* Supplied records:
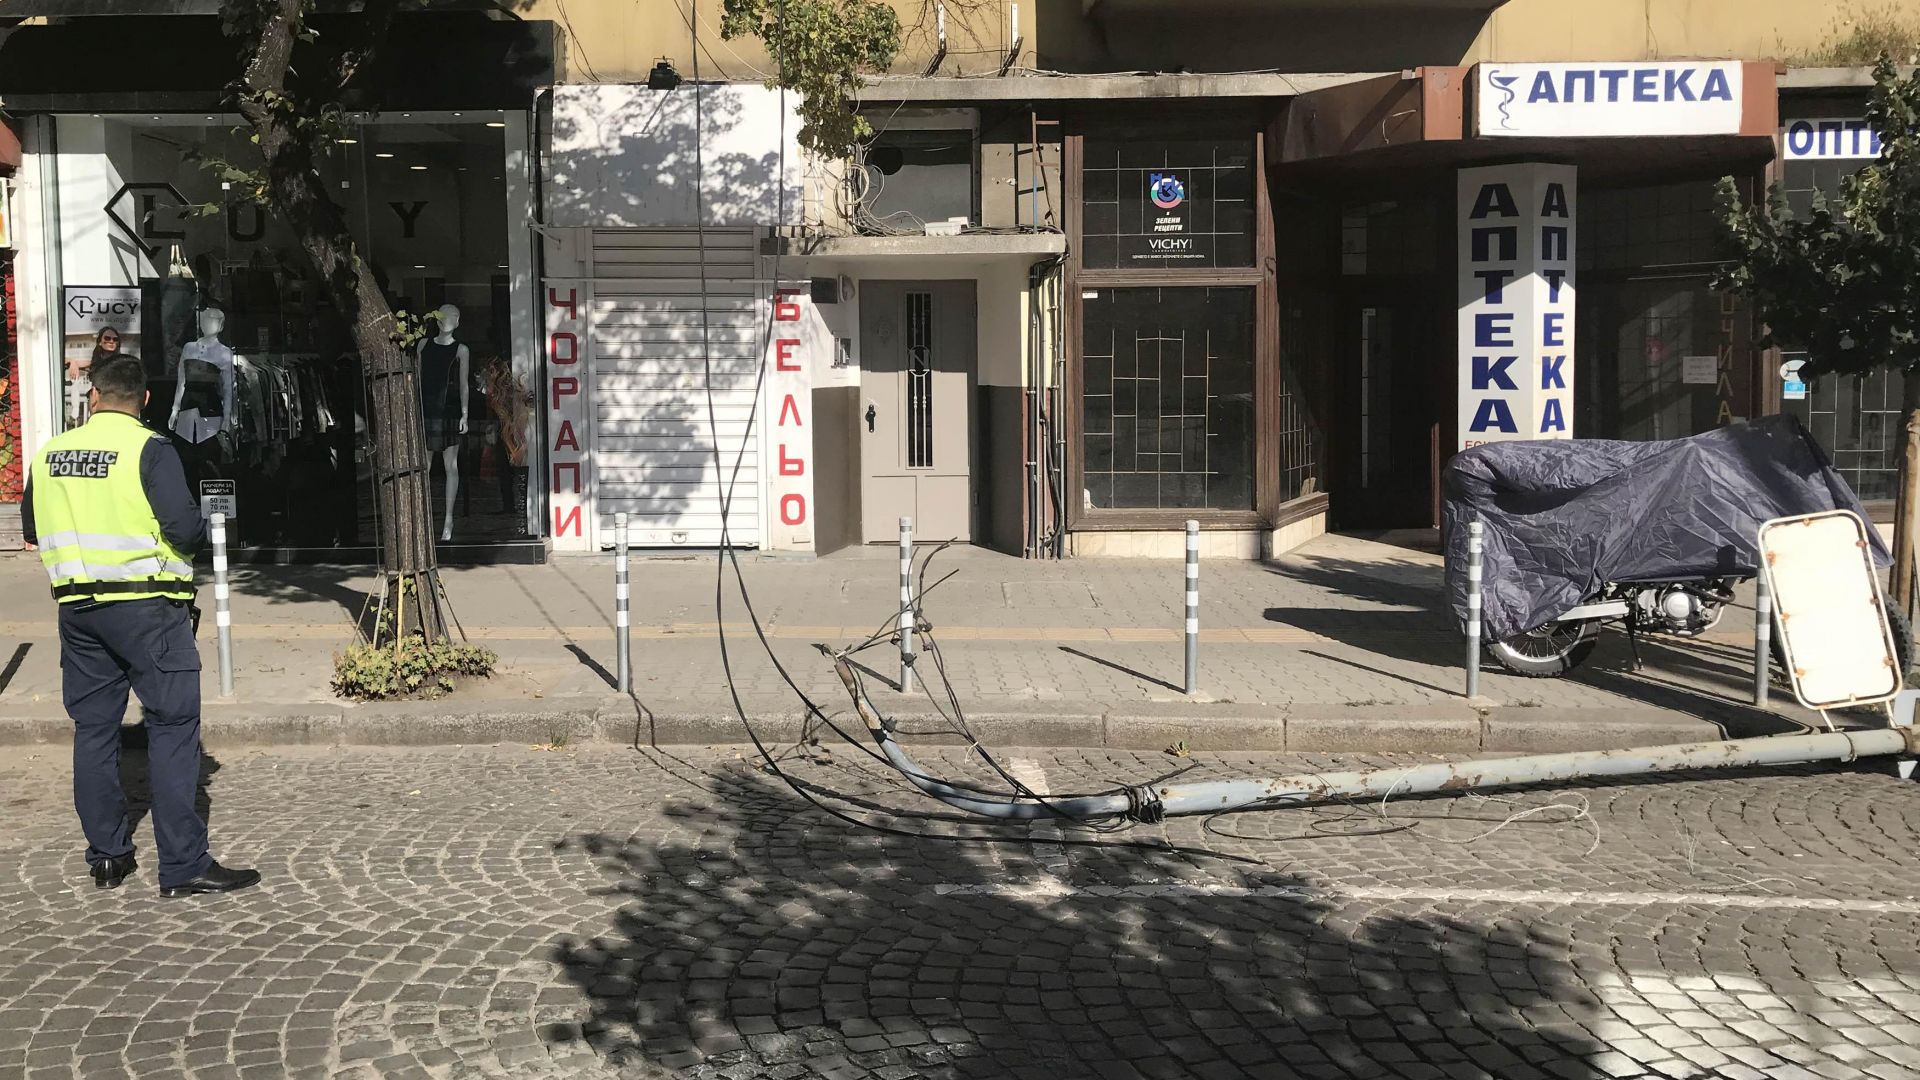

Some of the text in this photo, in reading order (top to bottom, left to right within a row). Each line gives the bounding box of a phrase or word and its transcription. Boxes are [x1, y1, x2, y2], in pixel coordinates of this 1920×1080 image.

[1527, 69, 1733, 103] АПТЕКА
[143, 194, 429, 242] LUY
[1149, 239, 1189, 249] VICHY
[80, 300, 138, 314] LUCY
[1469, 183, 1520, 433] АПТЕКА
[1540, 183, 1569, 433] АПТЕКА
[550, 288, 582, 537] ЧОРАПИ
[775, 289, 806, 525] БЕЛЬО
[47, 450, 117, 464] TRAFFIC
[50, 463, 107, 477] POLICE
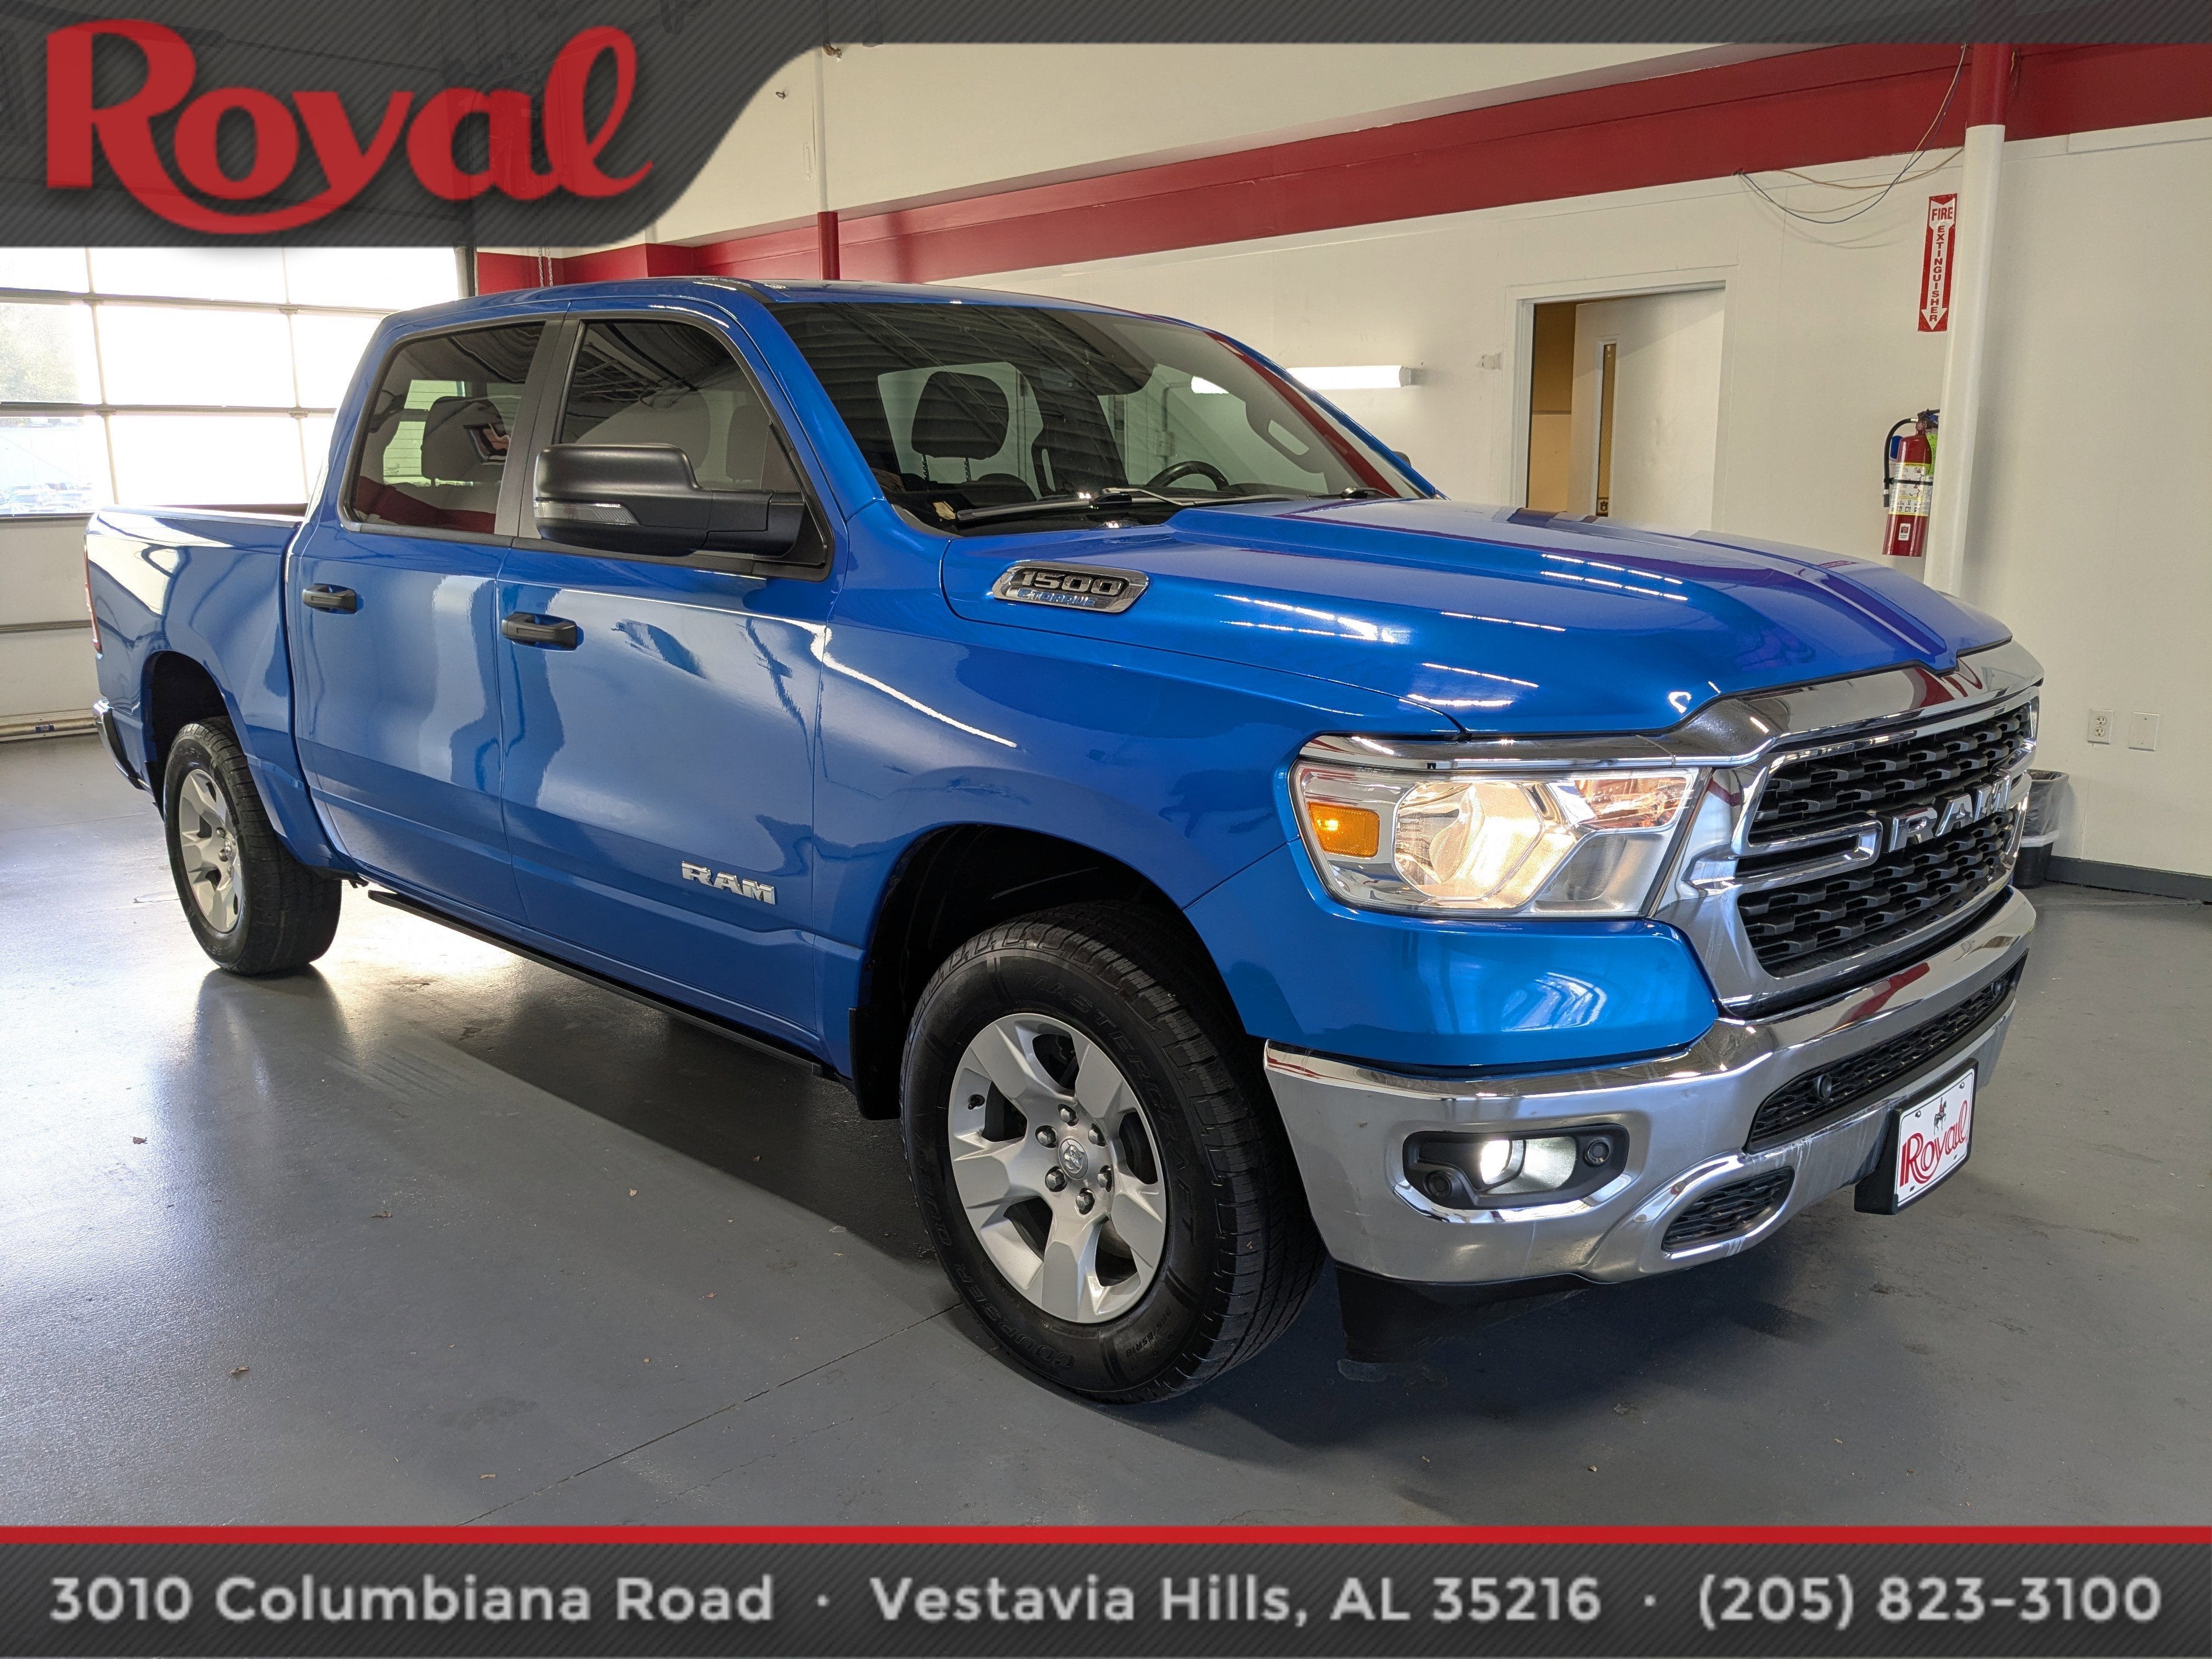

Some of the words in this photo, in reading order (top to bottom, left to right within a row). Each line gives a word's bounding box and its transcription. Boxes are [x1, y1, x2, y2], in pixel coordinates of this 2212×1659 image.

* Prompt: If a picture appears among the entries, omit it and reproduce everything else exactly.

* The answer:
Some of the text in this photo, in reading order (top to bottom, left to right within a row). Each line gives the bounding box of a phrase or word and its transcription. Boxes are [x1, y1, x2, y2], in pixel coordinates of this 1920×1080 image.

[1527, 69, 1733, 103] АПТЕКА
[143, 194, 429, 242] LUY
[1149, 239, 1189, 249] VICHY
[80, 300, 138, 314] LUCY
[1469, 183, 1520, 433] АПТЕКА
[1540, 183, 1569, 433] АПТЕКА
[550, 288, 582, 537] ЧОРАПИ
[775, 289, 806, 525] БЕЛЬО
[47, 450, 117, 464] TRAFFIC
[50, 463, 107, 477] POLICE

Some of the words in this photo, in reading order (top to bottom, left to right within a row). Each line gives a word's bounding box and its transcription. Boxes are [x1, y1, x2, y2], in pixel coordinates of this 2212×1659 image.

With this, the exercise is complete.